### Assignment
Pictures in the records are to be excluded from an otherwise exact copy.
━━━ Record excerpts
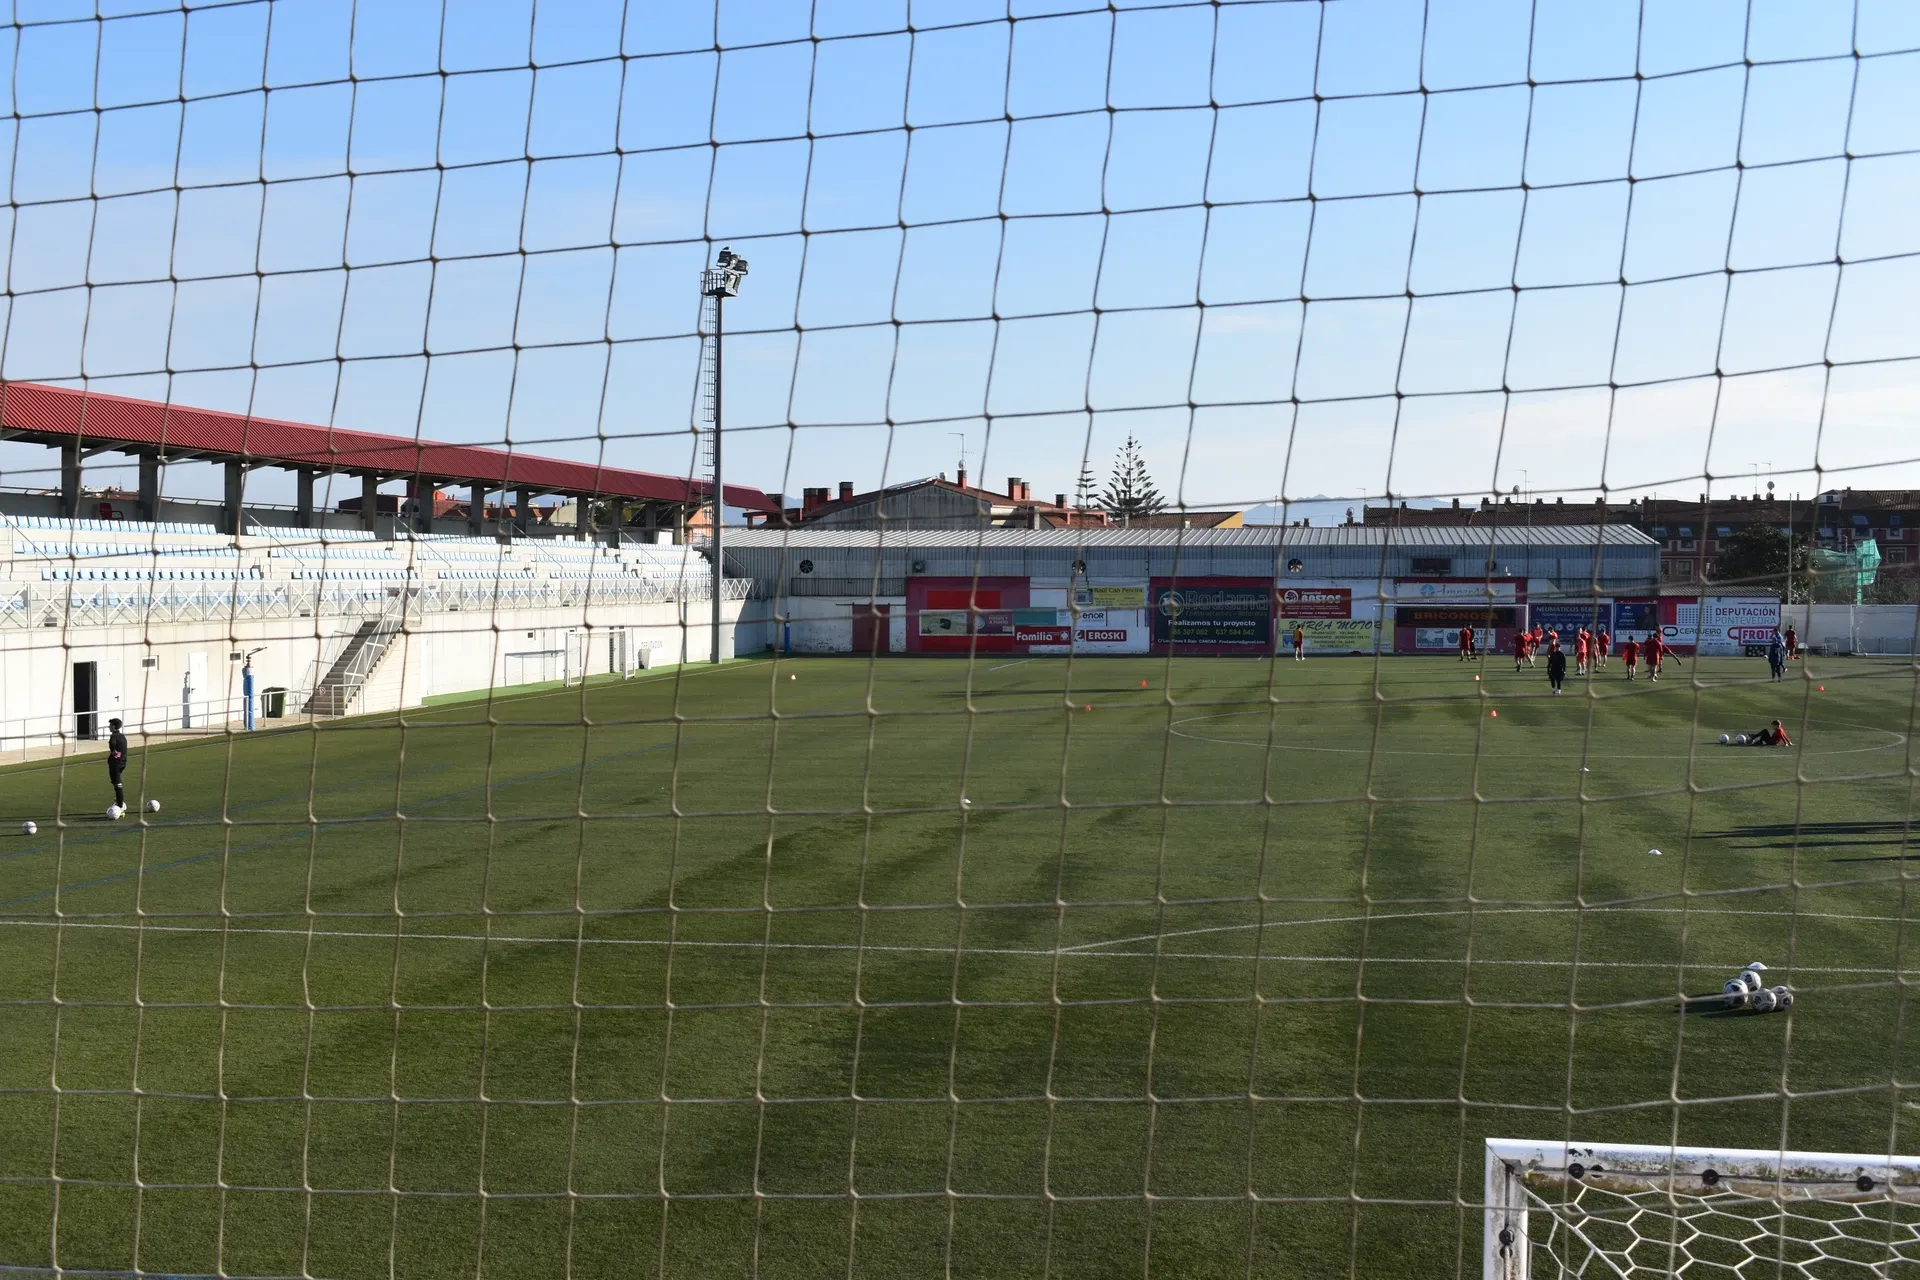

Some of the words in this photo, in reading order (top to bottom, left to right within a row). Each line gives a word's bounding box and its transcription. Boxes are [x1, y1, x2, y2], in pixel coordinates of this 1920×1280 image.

[1185, 590, 1268, 611] Rodama
[1301, 594, 1341, 604] BASTOS
[1414, 611, 1499, 619] BRICONOSA
[1716, 606, 1775, 616] DEPUTACIÓN
[1223, 619, 1256, 628] proyecto
[1289, 620, 1332, 630] BARCA
[1336, 620, 1383, 630] MOTOR
[1716, 616, 1776, 625] PONTEVEDRA
[1016, 631, 1053, 641] Familia
[1088, 632, 1123, 640] EROSKI
━━━━━━
### Result of the task
Some of the words in this photo, in reading order (top to bottom, left to right within a row). Each line gives a word's bounding box and its transcription. Boxes are [x1, y1, x2, y2], in pixel coordinates of this 1920×1280 image.

[1185, 590, 1268, 611] Rodama
[1301, 594, 1341, 604] BASTOS
[1414, 611, 1499, 619] BRICONOSA
[1716, 606, 1775, 616] DEPUTACIÓN
[1223, 619, 1256, 628] proyecto
[1289, 620, 1332, 630] BARCA
[1336, 620, 1383, 630] MOTOR
[1716, 616, 1776, 625] PONTEVEDRA
[1016, 631, 1053, 641] Familia
[1088, 632, 1123, 640] EROSKI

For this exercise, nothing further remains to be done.